Il viaggio voleva dimostrare sostegno mentre la guerra entra nel suo quarto anno dall’invasione su larga scala dell’Ucraina da parte della Russia, iniziata il 24 febbraio 2022.
Il principe Harry ha viaggiato in treno e ha preso parte al Kyiv Independent Security Forum, dove ha incontrato, tra gli altri, la medica militare Yuliia Paievska. In un discorso ha chiesto la fine delle violenze e si è rivolto direttamente a Vladimir Putin, affermando che nessun Paese vuole assistere ad altre perdite di vite umane, mentre ha lodato gli ucraini per la loro resilienza.
Il 24 aprile il principe Harry ha visitato, nei pressi di Bucha, le squadre di sminamento di HALO Trust, dove ha osservato e provato le attrezzature utilizzate per eliminare le mine e gli ordigni inesplosi. Gli sono stati mostrati sistemi che combinano immagini dei droni e intelligenza artificiale per individuare più rapidamente gli esplosivi, oltre a strumenti di mappatura digitale per identificare le zone d’impatto.

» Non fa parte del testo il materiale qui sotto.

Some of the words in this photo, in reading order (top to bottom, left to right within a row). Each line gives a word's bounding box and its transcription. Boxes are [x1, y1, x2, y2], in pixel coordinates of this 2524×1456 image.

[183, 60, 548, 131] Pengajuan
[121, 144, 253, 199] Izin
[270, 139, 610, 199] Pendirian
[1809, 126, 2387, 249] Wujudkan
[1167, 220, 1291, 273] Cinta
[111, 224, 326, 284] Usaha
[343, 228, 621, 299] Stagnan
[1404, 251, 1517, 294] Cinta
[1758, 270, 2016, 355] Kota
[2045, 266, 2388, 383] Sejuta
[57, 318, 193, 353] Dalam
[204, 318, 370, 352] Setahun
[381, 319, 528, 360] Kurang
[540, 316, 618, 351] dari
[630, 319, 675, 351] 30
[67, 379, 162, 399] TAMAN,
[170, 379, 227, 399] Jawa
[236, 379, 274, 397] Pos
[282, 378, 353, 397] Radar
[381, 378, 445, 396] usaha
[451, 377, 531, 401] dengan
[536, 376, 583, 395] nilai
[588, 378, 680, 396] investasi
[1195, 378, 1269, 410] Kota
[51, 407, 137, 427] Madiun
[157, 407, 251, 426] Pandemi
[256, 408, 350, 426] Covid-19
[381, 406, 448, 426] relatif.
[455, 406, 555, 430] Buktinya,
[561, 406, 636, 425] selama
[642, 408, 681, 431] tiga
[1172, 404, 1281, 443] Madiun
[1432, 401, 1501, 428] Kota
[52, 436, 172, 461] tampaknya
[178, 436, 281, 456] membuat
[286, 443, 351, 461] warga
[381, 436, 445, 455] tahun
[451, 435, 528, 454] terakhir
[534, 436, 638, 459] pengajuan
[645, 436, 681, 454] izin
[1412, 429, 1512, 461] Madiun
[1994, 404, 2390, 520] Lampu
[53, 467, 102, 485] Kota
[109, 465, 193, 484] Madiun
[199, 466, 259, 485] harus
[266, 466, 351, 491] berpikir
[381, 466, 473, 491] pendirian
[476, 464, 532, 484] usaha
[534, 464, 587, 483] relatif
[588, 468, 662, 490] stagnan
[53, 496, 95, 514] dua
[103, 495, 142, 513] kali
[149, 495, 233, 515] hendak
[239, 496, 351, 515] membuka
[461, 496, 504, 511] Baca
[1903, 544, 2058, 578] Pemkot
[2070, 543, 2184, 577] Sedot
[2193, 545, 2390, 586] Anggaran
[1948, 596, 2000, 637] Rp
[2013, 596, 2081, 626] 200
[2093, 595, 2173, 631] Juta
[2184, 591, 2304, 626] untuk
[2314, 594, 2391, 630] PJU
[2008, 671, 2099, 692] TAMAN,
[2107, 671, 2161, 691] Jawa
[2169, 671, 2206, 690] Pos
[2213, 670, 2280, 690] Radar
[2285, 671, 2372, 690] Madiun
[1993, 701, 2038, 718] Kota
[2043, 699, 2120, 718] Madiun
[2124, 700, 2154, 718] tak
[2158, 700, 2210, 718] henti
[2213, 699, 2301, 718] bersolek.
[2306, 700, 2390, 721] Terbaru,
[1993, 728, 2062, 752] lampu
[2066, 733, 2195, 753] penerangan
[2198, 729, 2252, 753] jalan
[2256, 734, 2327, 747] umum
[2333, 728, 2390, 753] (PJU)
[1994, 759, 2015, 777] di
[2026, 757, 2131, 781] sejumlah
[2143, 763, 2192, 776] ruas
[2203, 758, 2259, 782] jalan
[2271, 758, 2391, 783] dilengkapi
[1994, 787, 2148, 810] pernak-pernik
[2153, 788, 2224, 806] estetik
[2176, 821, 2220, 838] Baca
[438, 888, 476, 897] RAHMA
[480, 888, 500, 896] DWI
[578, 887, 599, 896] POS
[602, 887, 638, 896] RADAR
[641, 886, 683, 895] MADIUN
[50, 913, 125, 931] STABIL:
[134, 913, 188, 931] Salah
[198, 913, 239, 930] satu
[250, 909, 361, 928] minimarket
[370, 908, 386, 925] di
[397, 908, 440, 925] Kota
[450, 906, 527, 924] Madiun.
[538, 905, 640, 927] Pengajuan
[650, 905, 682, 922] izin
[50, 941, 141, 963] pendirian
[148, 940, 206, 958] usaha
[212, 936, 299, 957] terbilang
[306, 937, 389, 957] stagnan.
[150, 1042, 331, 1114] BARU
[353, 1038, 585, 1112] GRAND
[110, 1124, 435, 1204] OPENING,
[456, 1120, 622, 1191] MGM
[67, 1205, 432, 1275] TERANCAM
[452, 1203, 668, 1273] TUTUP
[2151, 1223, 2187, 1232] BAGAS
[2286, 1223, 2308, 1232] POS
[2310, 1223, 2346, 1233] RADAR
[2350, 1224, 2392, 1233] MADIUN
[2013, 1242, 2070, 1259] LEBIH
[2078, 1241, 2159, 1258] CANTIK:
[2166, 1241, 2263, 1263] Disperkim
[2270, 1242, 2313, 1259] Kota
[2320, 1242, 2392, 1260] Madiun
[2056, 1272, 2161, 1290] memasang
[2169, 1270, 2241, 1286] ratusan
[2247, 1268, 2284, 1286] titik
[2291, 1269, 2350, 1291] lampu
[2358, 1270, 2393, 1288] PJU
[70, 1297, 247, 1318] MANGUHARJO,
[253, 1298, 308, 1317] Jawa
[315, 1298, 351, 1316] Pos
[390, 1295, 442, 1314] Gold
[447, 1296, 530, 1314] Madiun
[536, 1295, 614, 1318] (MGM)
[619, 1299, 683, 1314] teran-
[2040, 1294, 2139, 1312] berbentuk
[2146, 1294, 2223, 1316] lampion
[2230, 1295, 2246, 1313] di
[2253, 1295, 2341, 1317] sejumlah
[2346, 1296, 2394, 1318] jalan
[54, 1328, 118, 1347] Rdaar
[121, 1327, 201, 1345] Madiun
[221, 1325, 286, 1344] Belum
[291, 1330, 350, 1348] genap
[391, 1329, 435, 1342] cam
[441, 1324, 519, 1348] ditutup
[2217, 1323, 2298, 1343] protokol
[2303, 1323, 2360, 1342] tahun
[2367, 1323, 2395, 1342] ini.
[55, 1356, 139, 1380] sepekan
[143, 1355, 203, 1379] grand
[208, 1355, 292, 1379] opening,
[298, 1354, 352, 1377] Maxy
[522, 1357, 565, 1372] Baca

L’organizzazione afferma che, dal 2022, in Ucraina sono state censite oltre 13.000 aree pericolose e bonificati più di 29.000 km² di terreni agricoli. Il principe Harry ha visto anche dispositivi robotici utilizzati per neutralizzare i fili a trappola e ha definito questa tecnologia più sicura ed efficiente, paragonandola al lavoro della principessa Diana in Angola nel 1997.
Ampie aree dell’Ucraina restano contaminate da ordigni inesplosi risalenti ai combattimenti intorno a Kiev nel 2022. La visita riflette anche il suo sostegno di lunga data al personale militare ferito, tramite la Invictus Games Foundation, da lui fondata nel 2014.